ACTIVITY —
Only the line containing "this 1280×1280 image." and those after it, up to the end of the records below, are to be set down, exactly as written.

DATASET EXCERPTS —
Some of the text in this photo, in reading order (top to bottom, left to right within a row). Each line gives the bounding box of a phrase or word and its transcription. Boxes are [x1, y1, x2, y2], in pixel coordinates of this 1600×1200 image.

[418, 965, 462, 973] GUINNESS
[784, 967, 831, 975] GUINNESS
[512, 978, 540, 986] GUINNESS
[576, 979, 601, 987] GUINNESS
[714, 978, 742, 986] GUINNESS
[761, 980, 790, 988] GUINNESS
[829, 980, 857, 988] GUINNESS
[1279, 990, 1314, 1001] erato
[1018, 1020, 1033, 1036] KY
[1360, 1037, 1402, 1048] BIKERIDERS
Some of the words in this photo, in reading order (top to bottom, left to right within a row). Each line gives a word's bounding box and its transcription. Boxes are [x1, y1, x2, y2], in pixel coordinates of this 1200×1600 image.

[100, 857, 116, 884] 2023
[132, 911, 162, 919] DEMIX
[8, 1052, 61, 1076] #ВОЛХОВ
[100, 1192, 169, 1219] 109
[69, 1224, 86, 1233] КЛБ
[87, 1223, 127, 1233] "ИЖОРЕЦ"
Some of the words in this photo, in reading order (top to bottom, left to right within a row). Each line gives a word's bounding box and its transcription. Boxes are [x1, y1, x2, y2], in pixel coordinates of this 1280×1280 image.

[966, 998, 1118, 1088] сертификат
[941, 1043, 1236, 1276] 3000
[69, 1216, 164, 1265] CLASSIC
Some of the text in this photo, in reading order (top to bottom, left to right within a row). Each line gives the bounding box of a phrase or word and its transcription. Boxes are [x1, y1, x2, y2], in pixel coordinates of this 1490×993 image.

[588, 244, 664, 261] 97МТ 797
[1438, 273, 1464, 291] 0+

TASK RESPONSE —
Some of the words in this photo, in reading order (top to bottom, left to right within a row). Each line gives a word's bounding box and its transcription. Boxes are [x1, y1, x2, y2], in pixel coordinates of this 1280×1280 image.

[966, 998, 1118, 1088] сертификат
[941, 1043, 1236, 1276] 3000
[69, 1216, 164, 1265] CLASSIC
Some of the text in this photo, in reading order (top to bottom, left to right within a row). Each line gives the bounding box of a phrase or word and its transcription. Boxes are [x1, y1, x2, y2], in pixel coordinates of this 1490×993 image.

[588, 244, 664, 261] 97МТ 797
[1438, 273, 1464, 291] 0+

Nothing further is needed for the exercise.